Writing the book is a solitary process that I delve into at home. Working on the business is also solitary but it doesn’t require the peaceful, private environment of my bedroom the way the book does. So I sit in coffee shops and restaurants working on the business, writing posts like this, or updating my blog. Sometimes I use a co-working space when I need fast wi-fi and the buzz of other people around me. To round out my days, I take Pilates twice a week. And instead of riding a motorbike, I walk. Everywhere I go, I keep myself open to the prospect of meeting a new friend. Indeed, I naively hope that someone, anyone, will turn to me and say ‘hi.’

You see, I’m an introvert. I almost never strike up conversations with strangers. Years of solo travel forced me to and gave me the confidence to do it but after some tricky interpersonal relationships caused me a great deal of pain, I’ve retreated into my shell. I can’t bring myself to be the one to say ‘hello’ to anyone. I try to make myself approachable but that isn’t easy when I’m behind the screen of my laptop or writing furiously in my journal.

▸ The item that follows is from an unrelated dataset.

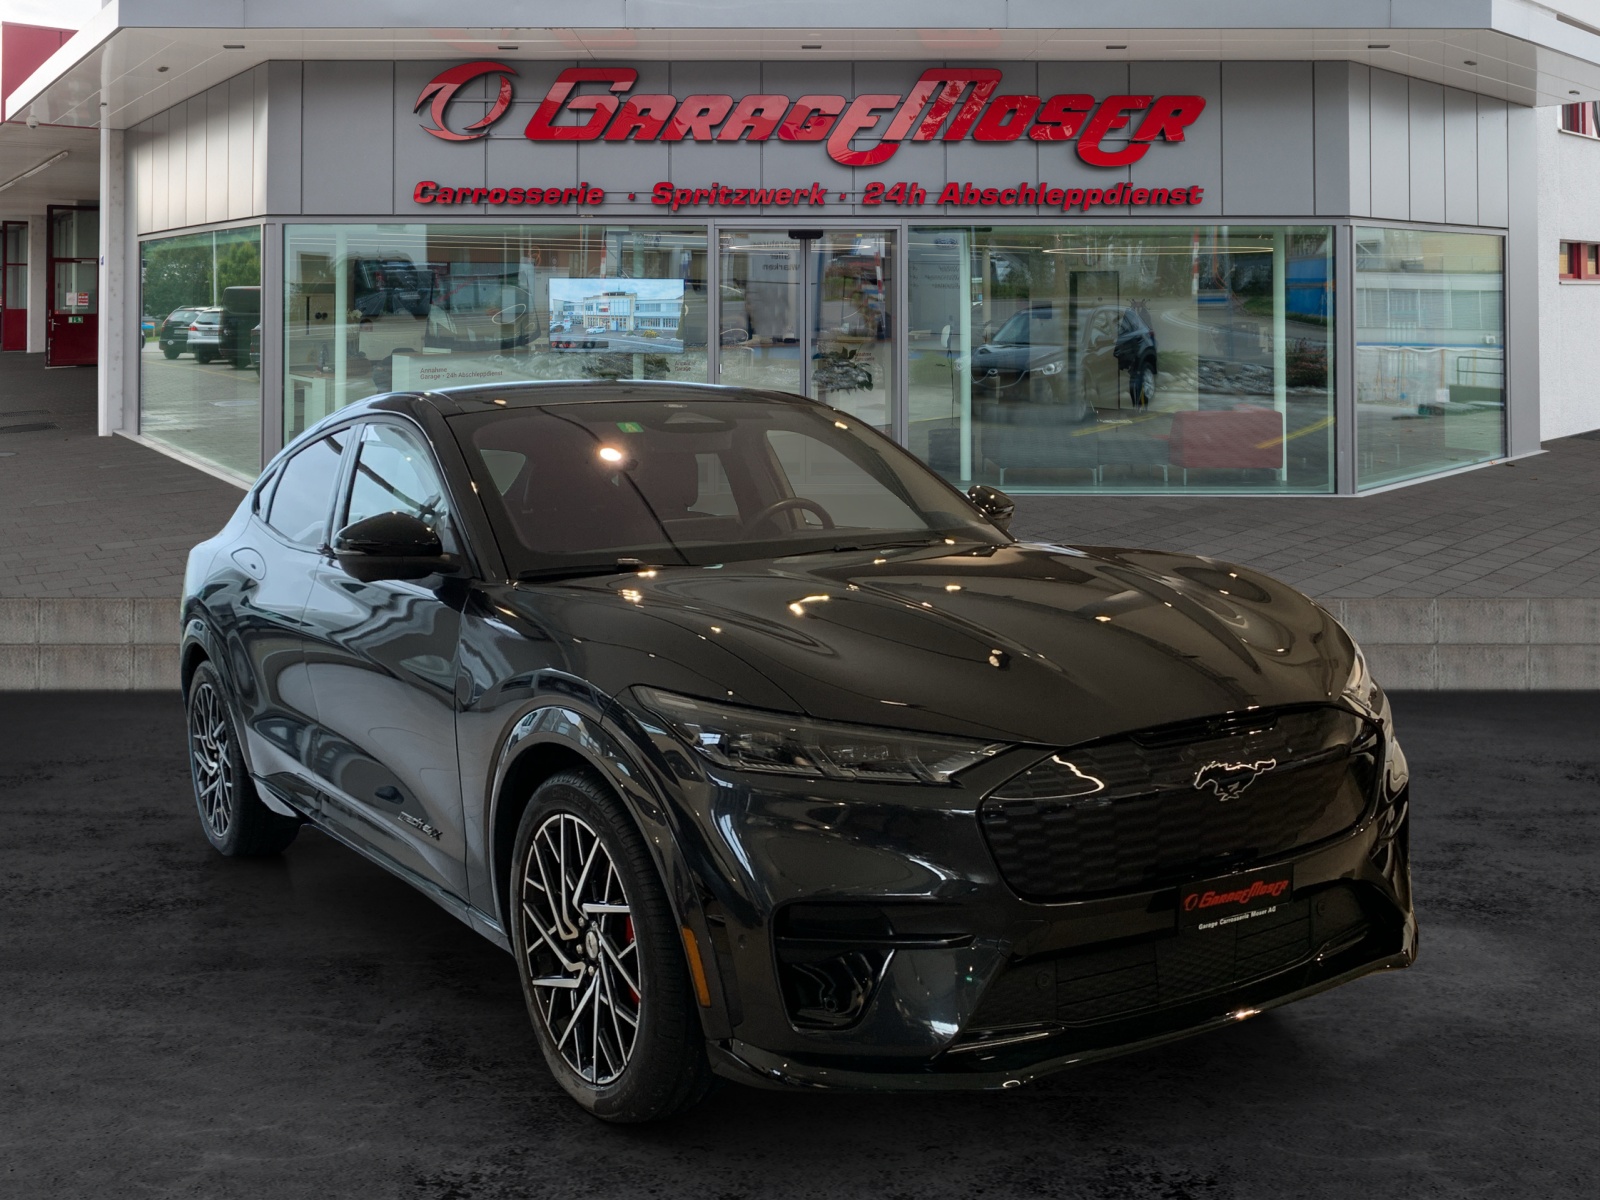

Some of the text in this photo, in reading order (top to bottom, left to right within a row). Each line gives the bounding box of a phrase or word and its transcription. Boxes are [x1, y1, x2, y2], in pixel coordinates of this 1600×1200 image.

[413, 180, 1204, 212] Carrosserie Spritzwerk 24h Abschleppdienst
[458, 370, 503, 379] Abschleppdienst
[1198, 919, 1218, 930] Garage

I’m not drinking so I don’t have the social lubricant of alcohol to aid introductions. Days go by when the only conversations I have are business transactions.

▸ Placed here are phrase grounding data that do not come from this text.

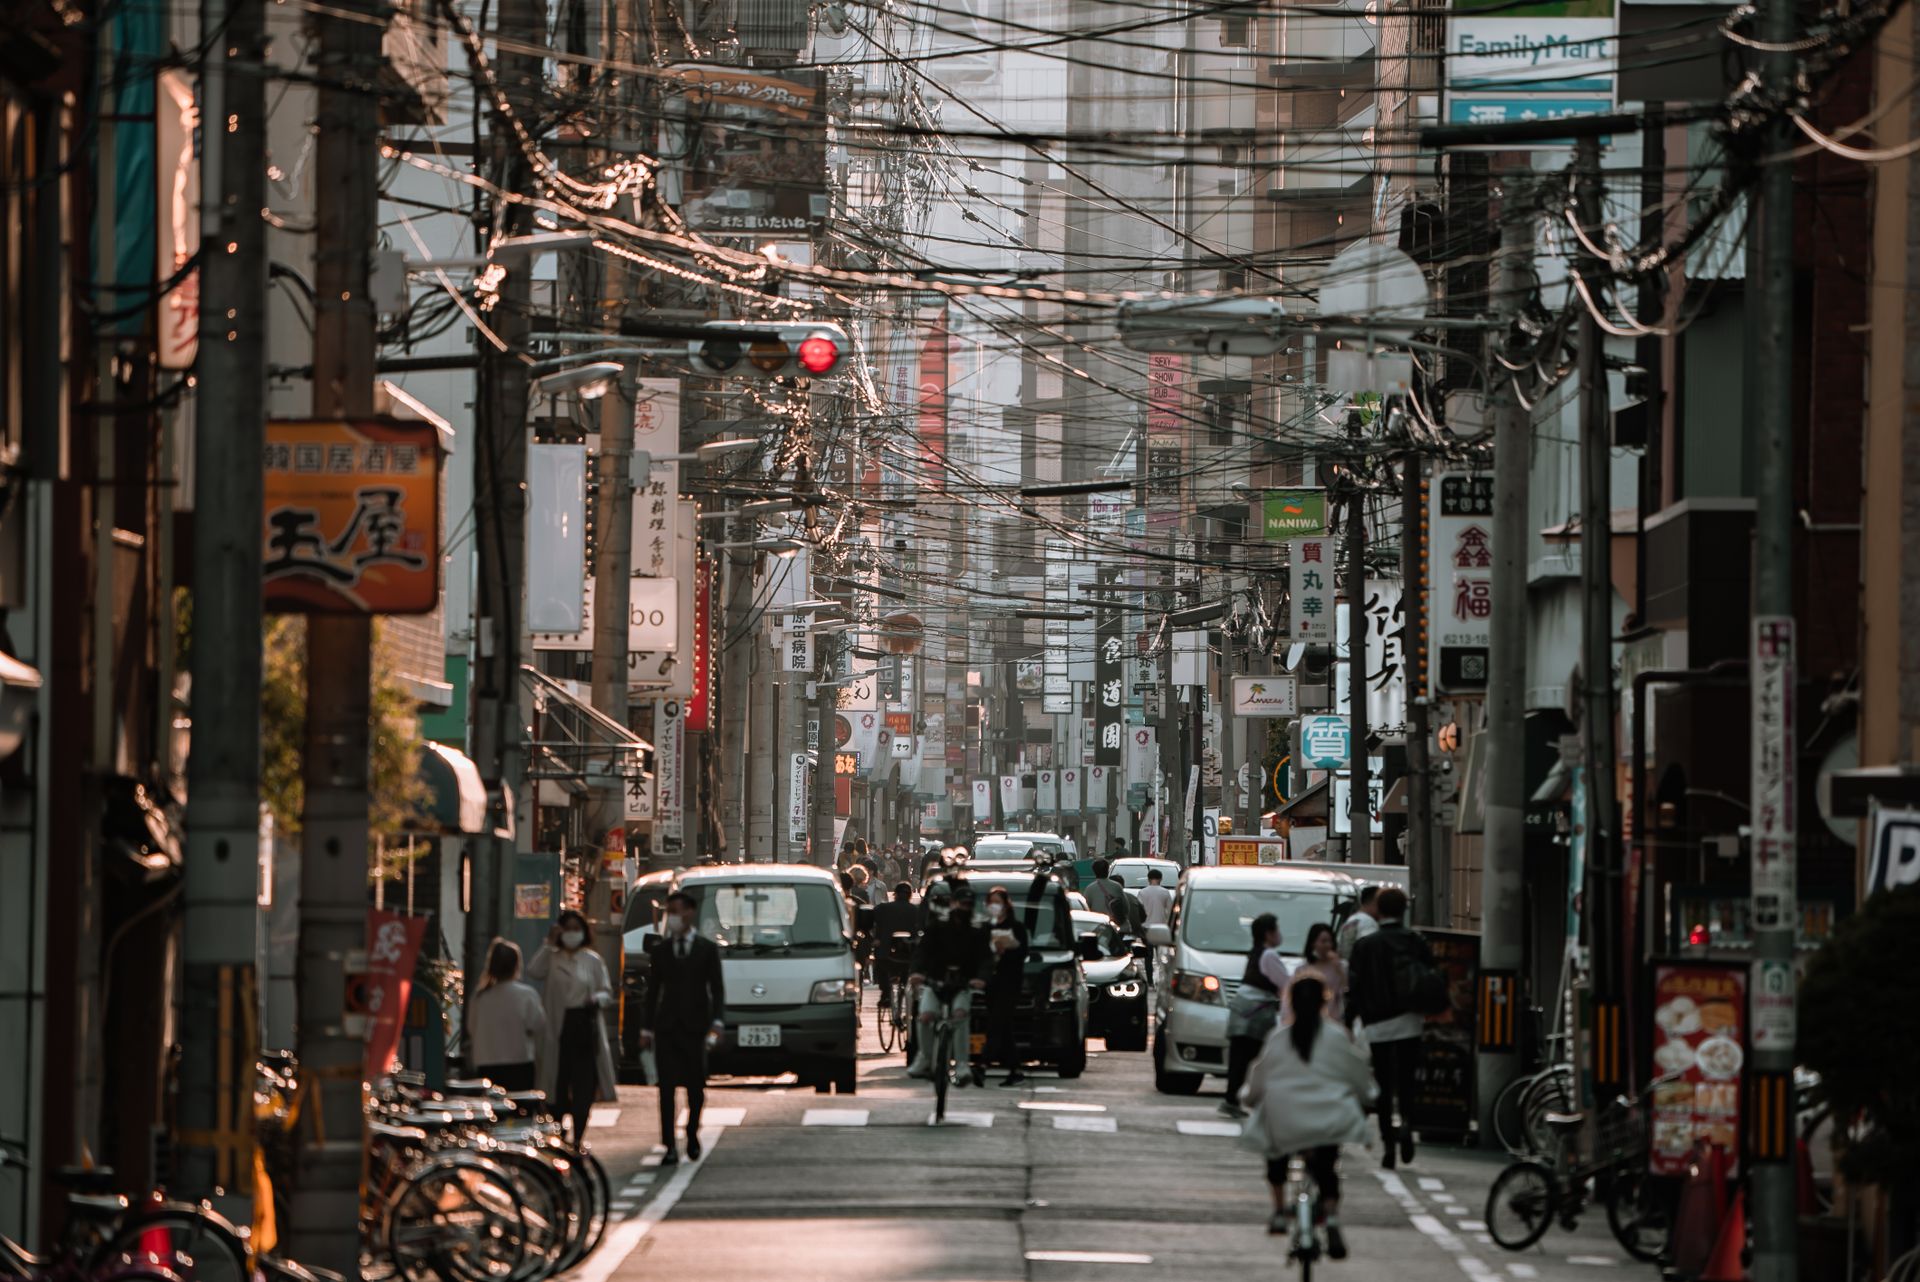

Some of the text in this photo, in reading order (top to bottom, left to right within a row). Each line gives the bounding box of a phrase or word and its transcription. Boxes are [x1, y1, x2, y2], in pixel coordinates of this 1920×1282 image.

[1459, 35, 1607, 65] FamilyMart
[1155, 357, 1172, 366] SEXY
[1155, 373, 1174, 382] SHOW
[1154, 388, 1168, 398] PUB
[1269, 518, 1319, 529] NANIWA
[1306, 720, 1350, 767] 質
[629, 802, 649, 813] ビル

I have an amazing housemate who’s wonderful to spend time with when we aren’t each buried in work. And there’s a woman I met at a conference last year who invites me to all sorts of events. Other than her birthday party, I haven’t made it to one. The thought of being in a crowd depresses me. I’m simply not interested in surrounding myself with more than three or four people at a time. Which leaves me wondering: is this what life as a digital nomad is like?

When you’re backpacking, it’s easy to meet people. If you don’t meet other travelers where you’re staying, you meet them out doing things. Hiking to a viewpoint in town, looking for fireflies along a river, as part of an organized day tour, on a dive boat, on a train platform, in the bus … backpackers are usually easy to spot and are, as a general rule, an open-minded and friendly bunch. At the moment, though, I’m not backpacking. I’m staying in a rented house with a Canadian ex-pat. I haven’t done a single touristy thing here yet. Which means I haven’t met backpackers. And quite frankly, I don’t care to. My head’s in a different place and I won’t be able to relate in the way I once could.

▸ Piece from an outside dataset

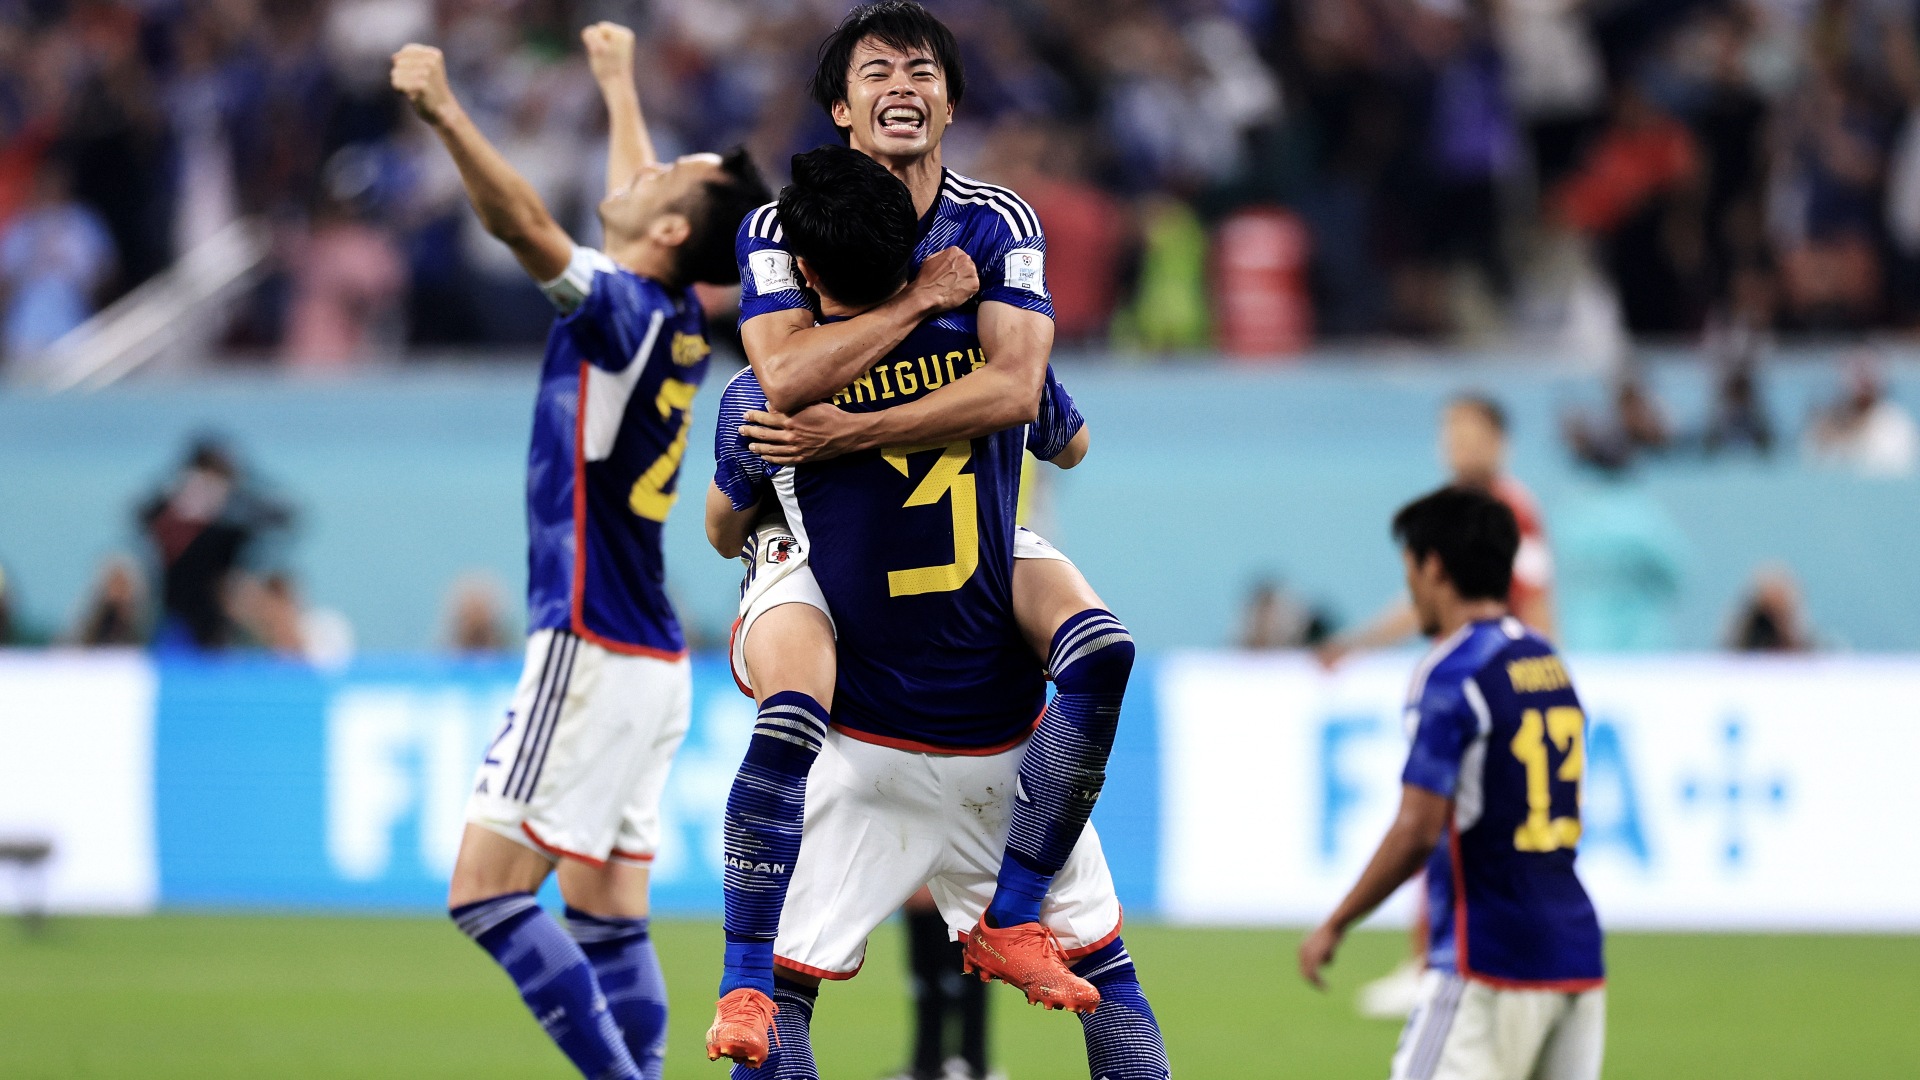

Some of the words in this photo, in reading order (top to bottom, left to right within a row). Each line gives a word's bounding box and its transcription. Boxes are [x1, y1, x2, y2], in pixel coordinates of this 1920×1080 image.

[832, 347, 987, 406] ANIGUCH
[880, 440, 979, 597] 3
[1510, 705, 1586, 853] 13
[725, 854, 786, 874] JAPAN

On the other hand, I’m not committing to living in Ubud. So I’m not sure I belong with the long term expats here, either. After years on the road, easily meeting people with whom I had things in common, I’ve forgotten that it’s hard to make friends as an adult. That when you live somewhere and focus on work, especially if it’s solitary work, it takes effort to meet people and even more to find the ones you truly connect with.

For now, I’m ok with this. Wrestling the demons that are driving the book takes an overwhelming amount of my energy. As a result, I don’t have much to offer right now and that would make me a terrible friend. So it’s alright that I’m not out meeting people and making personal connections. But I know this will change. I will, one day, be ready to step out of my shell and find a few kindred souls. Where will I find them? Where would I even begin to look? They’re out there, I’m sure. I don’t know that they’re in Facebook groups or at the co-working space or here in Bali. But they are out there. Is all I can do trust that when I’m ready, I’ll find the people I’m supposed to meet?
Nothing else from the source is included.